The market is signaling that the immediate beneficiaries of higher crude are not the obvious energy names, but firms with pricing power and lower fuel sensitivity. Logistics and travel are being repriced first because their earnings hit is linear and near-term, while the second-order hit will show up later in discretionary retail and household staples through freight, packaging, and input-cost inflation. That makes this less a pure oil rally and more a margin-compression trade across transport-heavy sectors with a lagged pass-through to consumer demand. The most interesting dynamic is that the oil spike may keep rates higher-for-longer indirectly, even if the Fed is on hold. If energy remains elevated for several weeks, inflation expectations can re-steepen, which tends to compress duration-sensitive growth multiples and narrow the room for defensive rotation. In that setup, the current bid in mega-cap tech can persist only if bond yields stay contained; otherwise the “quality growth” leadership becomes vulnerable despite the sector’s strong inflow backdrop. The move in Amazon is more than a company-specific logistics story: it is a structural threat to asset-heavy delivery incumbents because it shifts bargaining power to the largest shipper and could force yield discipline across the parcel market. The bigger risk for FDX/UPS is not lost volume in the next quarter, but lower industry pricing over the next 2-4 quarters as customers realize there is an alternative network. That creates a negative read-through for any business exposed to e-commerce parcel growth and undercuts the thesis that volume recovery alone can offset margin pressure. Consensus may be underestimating how quickly this shocks consumer-facing demand if fuel stays elevated into summer.
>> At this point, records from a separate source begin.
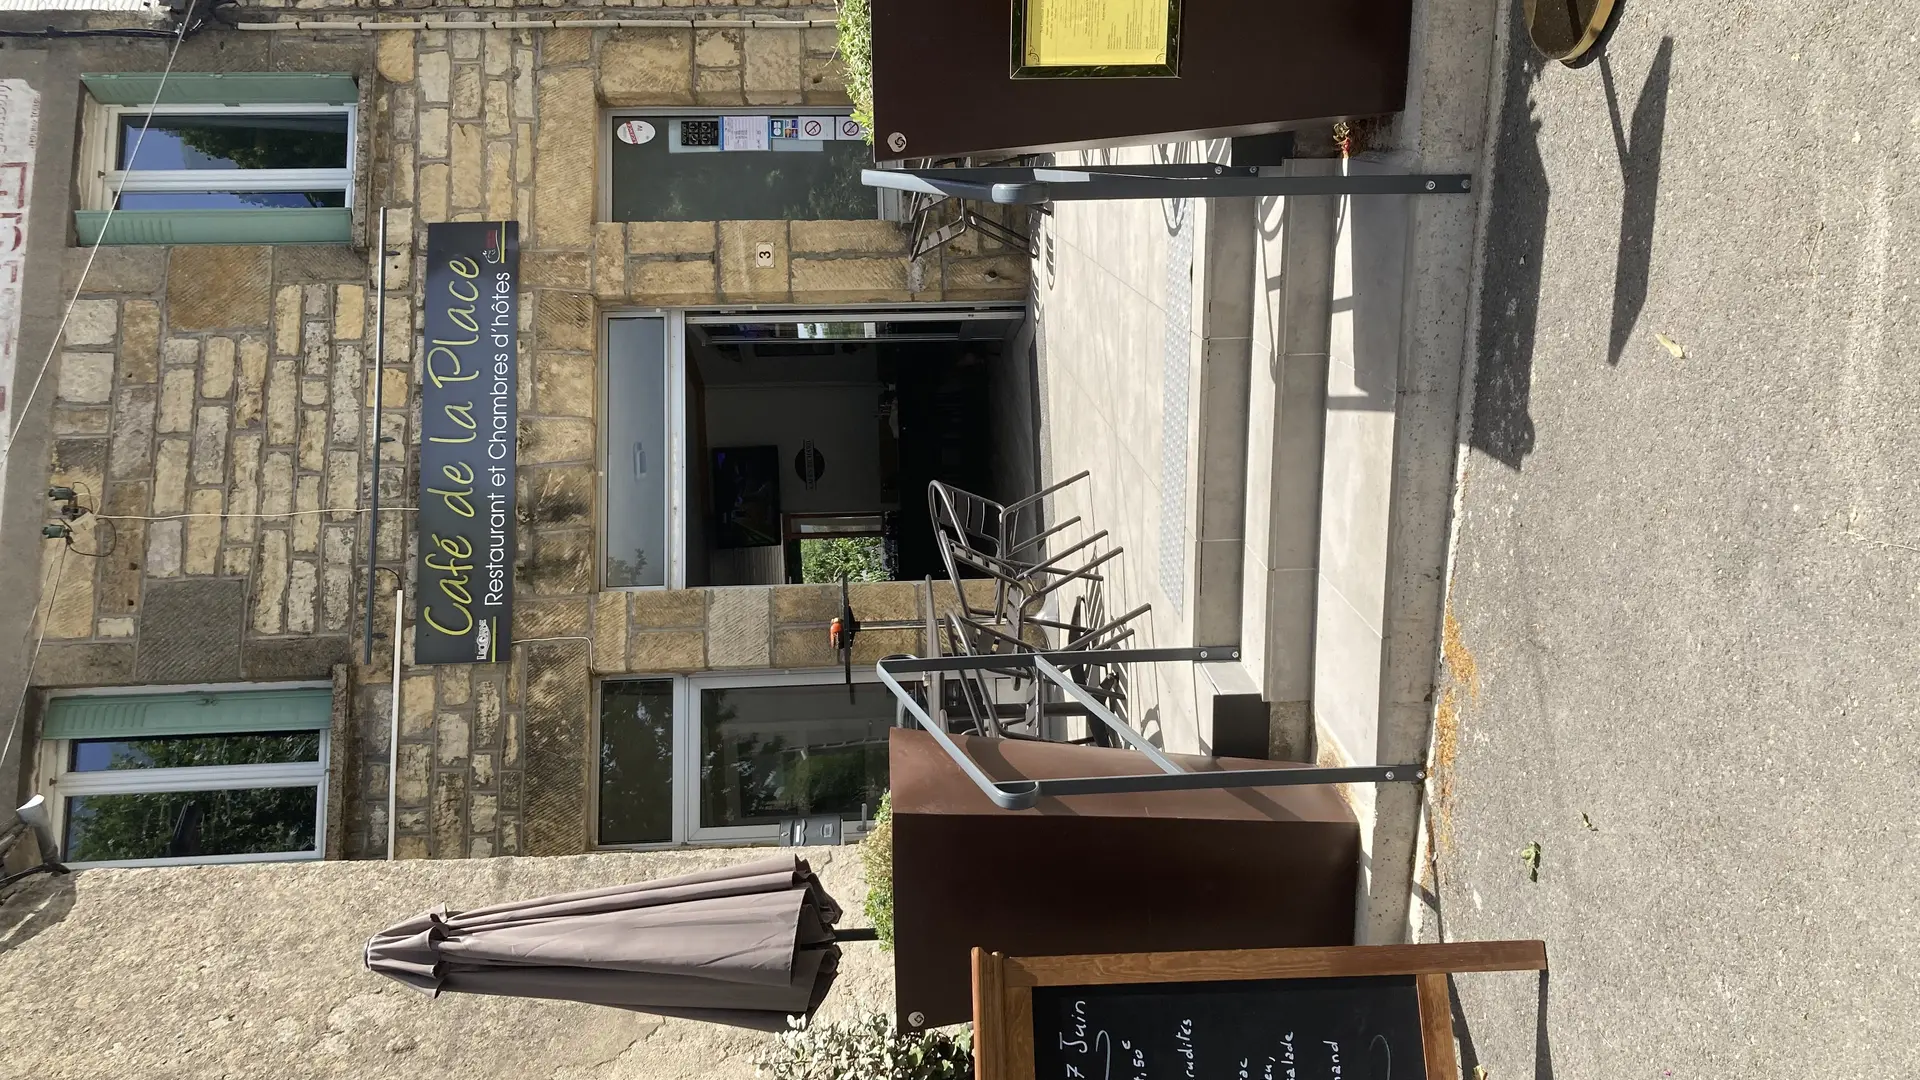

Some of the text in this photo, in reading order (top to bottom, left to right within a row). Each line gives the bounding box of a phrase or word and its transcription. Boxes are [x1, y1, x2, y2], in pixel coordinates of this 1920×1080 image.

[759, 251, 771, 259] 3
[424, 256, 480, 635] Café de la Place
[488, 353, 509, 459] Chambres
[488, 465, 506, 487] et
[485, 492, 505, 606] Restaurant
[1059, 1000, 1088, 1078] 7 Juin
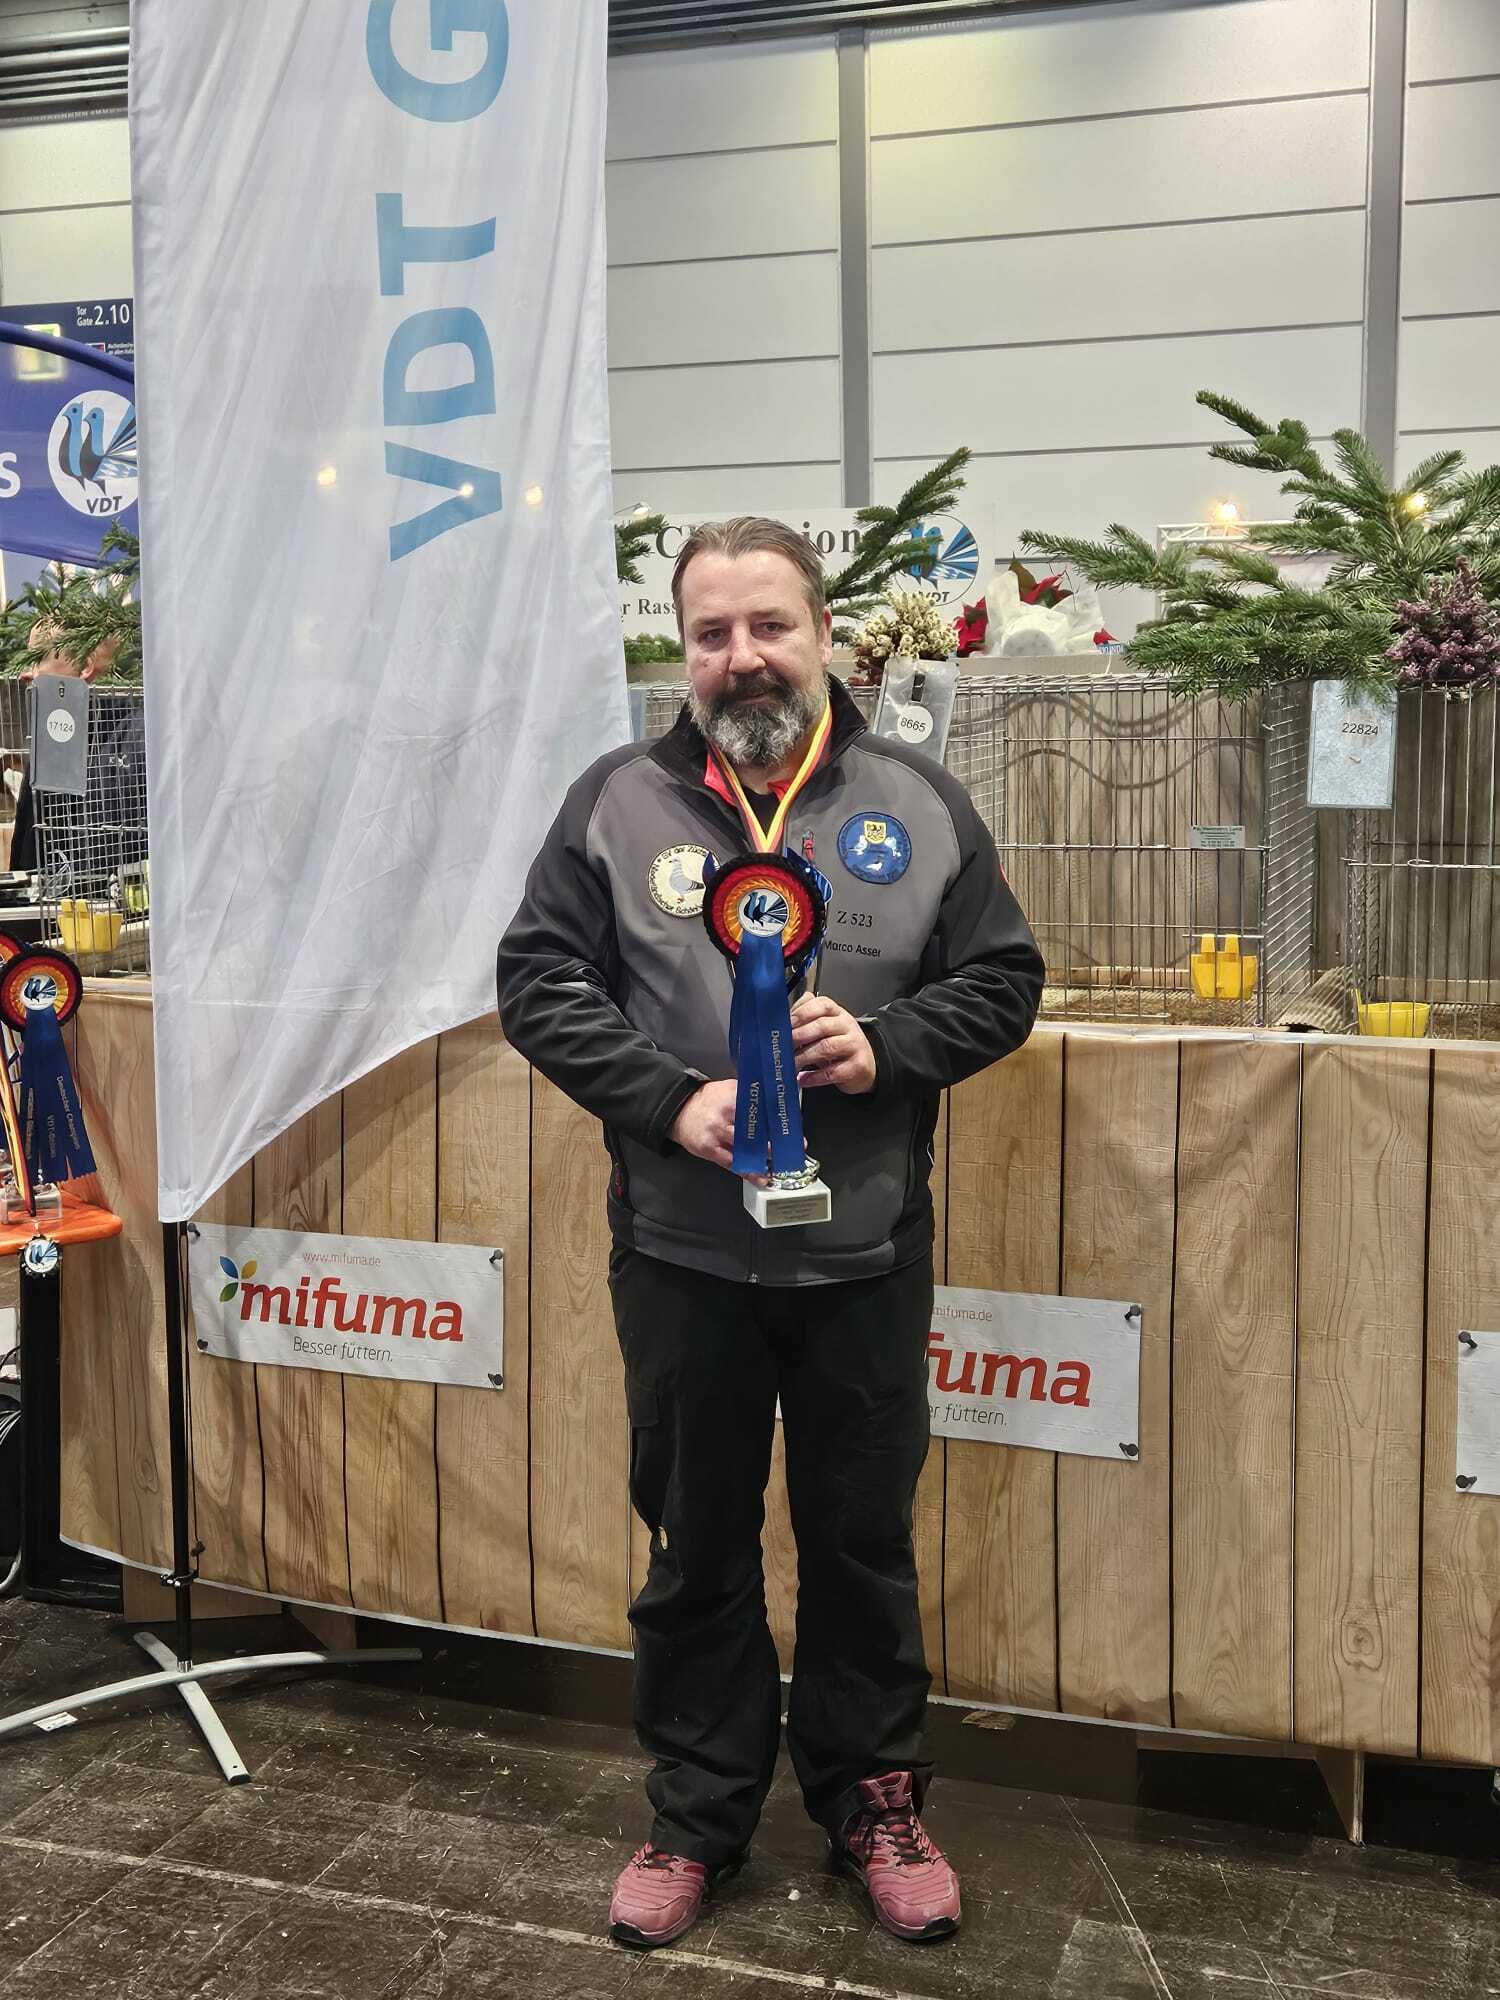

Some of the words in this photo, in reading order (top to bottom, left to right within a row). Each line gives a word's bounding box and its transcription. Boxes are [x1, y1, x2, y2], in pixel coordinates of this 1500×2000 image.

[77, 317, 93, 327] Gate
[376, 192, 503, 562] VDT
[86, 496, 122, 513] VDT
[49, 721, 73, 732] 17124
[900, 717, 927, 733] 8665
[1341, 722, 1379, 735] 22824
[837, 910, 848, 924] Z
[850, 912, 873, 928] 523
[824, 940, 854, 953] Marco
[855, 944, 882, 957] Asser
[771, 1030, 784, 1081] Deutscher
[776, 1084, 790, 1135] Champion
[302, 1250, 383, 1267] www.mifuma.de
[240, 1276, 464, 1342] mifuma
[293, 1336, 338, 1356] Besser
[340, 1341, 394, 1363] füttern.
[944, 1402, 1008, 1427] füttern.
Cruise, big-box retail, and packaged goods all face a delayed but real squeeze from higher transportation costs and weaker discretionary spend; the market is reacting as if this is a one-day geopolitics event, when the earnings impact can persist for multiple quarters. The contrarian point is that the sharp selloff in transport may be only partially overdone if oil holds above current levels, but the better long-risk is in names with pricing power and low fuel intensity rather than outright energy beta.